A wise young person once said to me, “If you reject me, you redirect me.” This notion speaks perfectly to Palmer’s suggestion that much can be learned if we take the time to interrogate our experiences when opportunities are denied or when they simply don’t work, or feel, right…even when we desire to embrace them. He acknowledges that, at times, larger structures of discrimination or circumstance can be at play. Even within that possibility, Palmer encourages his readers to return to curiosity about self, values, and true nature to discern how to best make use of our rejection or discomfort. Palmer also points out that, sometimes, we need back up. Not in the form of advice, or comfort, but in powerful questions, from trusted people, that challenge us to do the work of seeing our true motivations, limits, and desires. In taking on this work, we increase our ability to align our next move from a place of clarity and integrity versus one of illusion or stubborn performance for the sake of ego or habit.


What does this have to do with coaching?

Palmers words encourage the path toward authentic selfhood and stewardship of our gifts. His stories illustrate the roles others can play on that journey with a particular eye toward those who can support and accompany without ideas or advice. These people center the person on the journey rather than themselves and offer their support through powerful questions, patient quiet, and active listening. These people make room for exploring your own story and ultimately expanding your own thinking. They make space for you to do your own work and this to me is a coach.

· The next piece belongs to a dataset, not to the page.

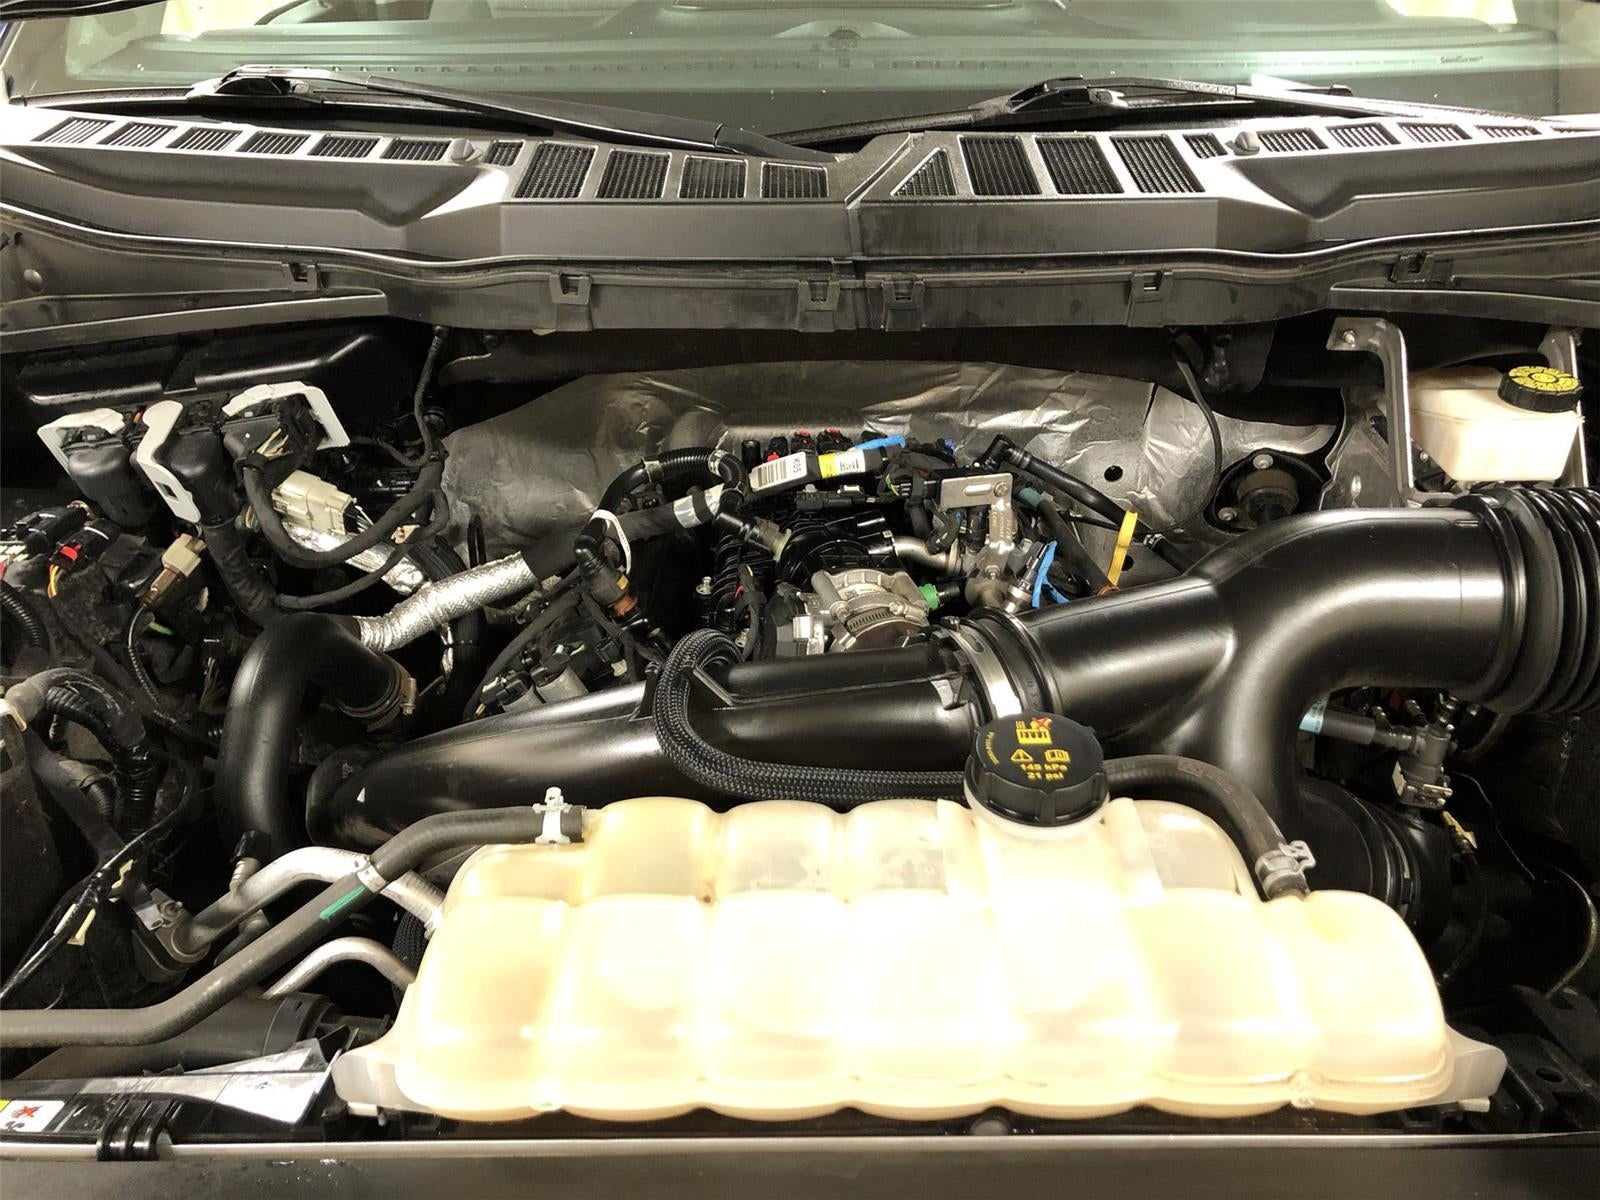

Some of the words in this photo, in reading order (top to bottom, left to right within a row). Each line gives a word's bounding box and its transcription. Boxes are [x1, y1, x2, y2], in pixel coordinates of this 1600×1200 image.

[1044, 763, 1068, 771] kPa
[1026, 772, 1042, 780] 21
[1044, 772, 1065, 781] psi

What resonates and how will I use it?

I opened this piece with my favorite quote illustrating a theme that threads through all of Palmer’s book. Accepting that we have true nature, a soul who is at play, helps us to understand how we are showing up in the world and the ripples and impacts of our choices (and illusions) on ourselves, our loved ones, and the world around us. Both personally, and as a coach, this concept offers a whole new tool for exploring and making meaning of our interactions with the world. What do I understand if I sort from the viewpoint of true nature? What new opportunities might I seek if I can recognize what suits me and what does not?


How will you apply the key message in this book within your coaching?

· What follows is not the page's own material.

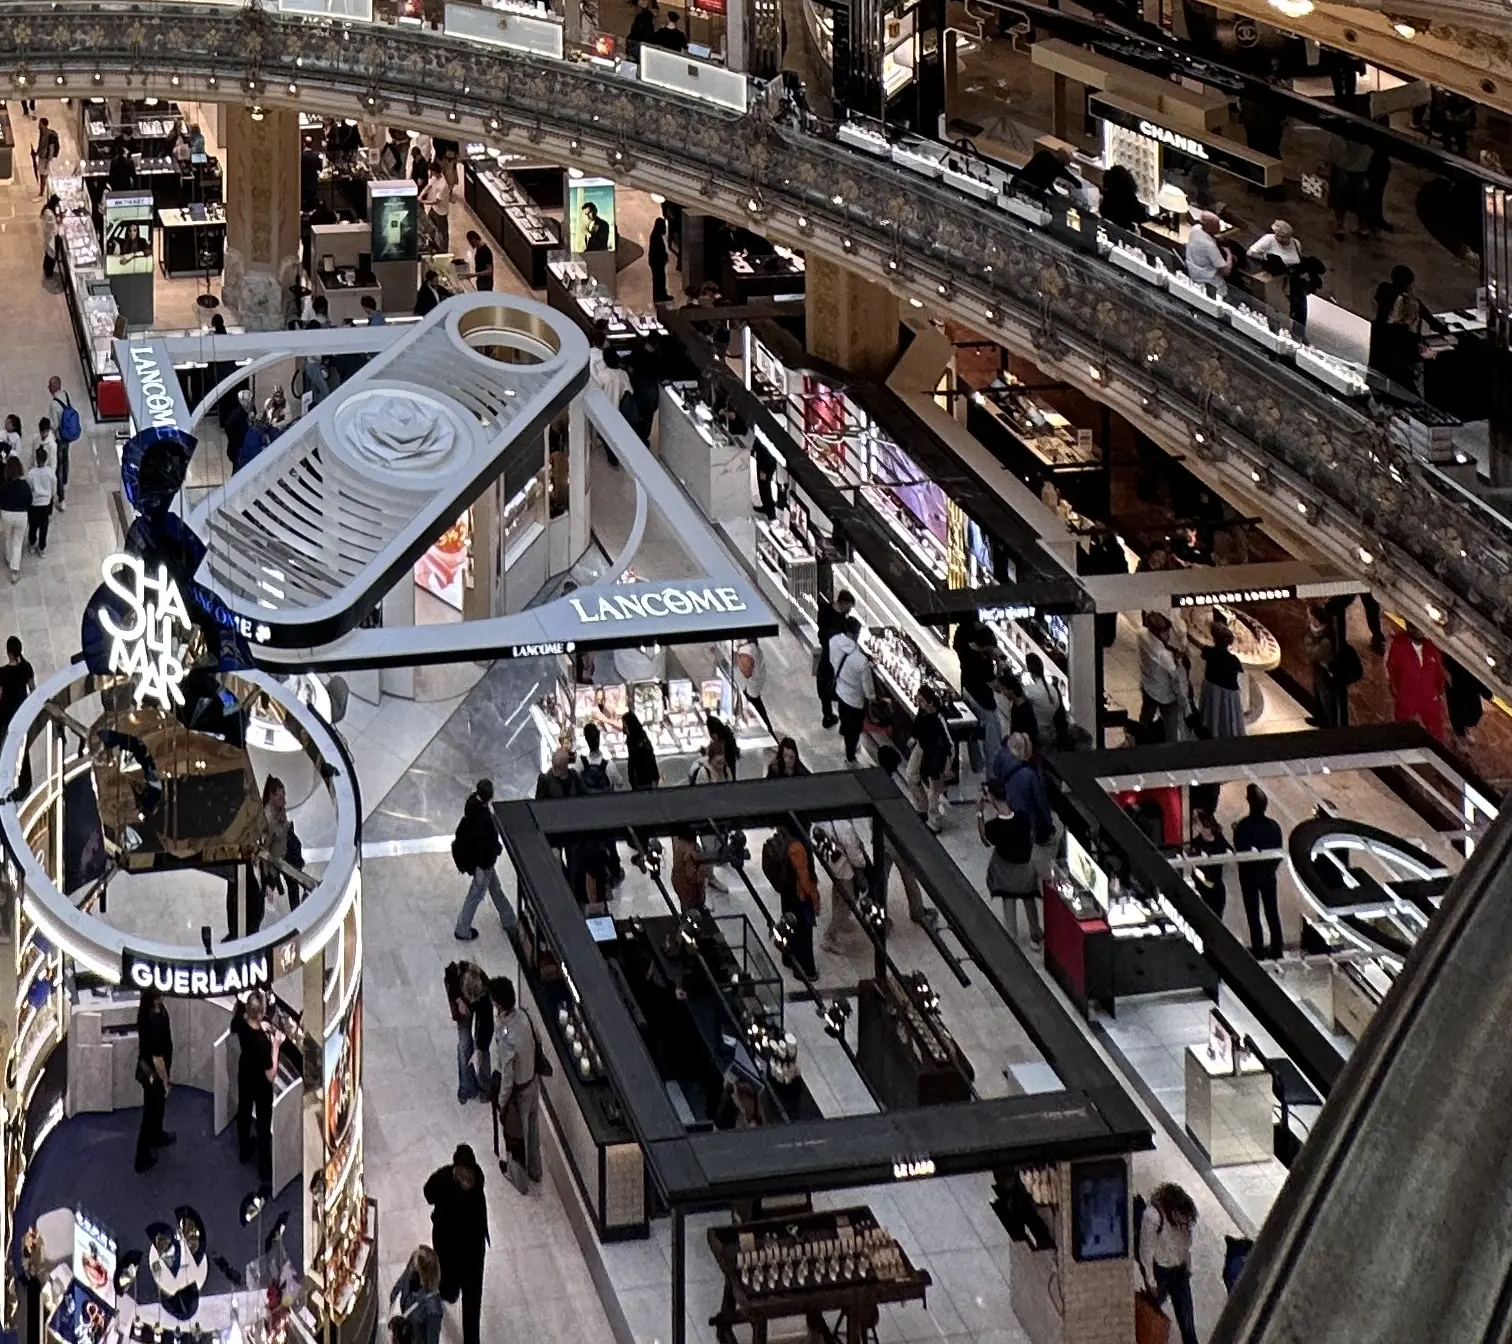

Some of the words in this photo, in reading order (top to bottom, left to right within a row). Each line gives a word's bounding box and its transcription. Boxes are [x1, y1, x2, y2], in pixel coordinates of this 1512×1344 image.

[1139, 120, 1210, 160] CHANEL
[129, 345, 178, 430] LANCÔM
[569, 587, 747, 623] LANCÔME
[131, 955, 269, 995] GUERLAIN

I am committed to continuing to build the skill and presence that invites my clients into their own work. I hope to be able to hold space that feels curious enough to explore new ways of understanding the world; challenging enough to find use in the paradox and limitations; engaging enough to support momentum; and safe enough for soul to share its way of knowing and guide my clients toward their vocation, their joy, and their authentic self.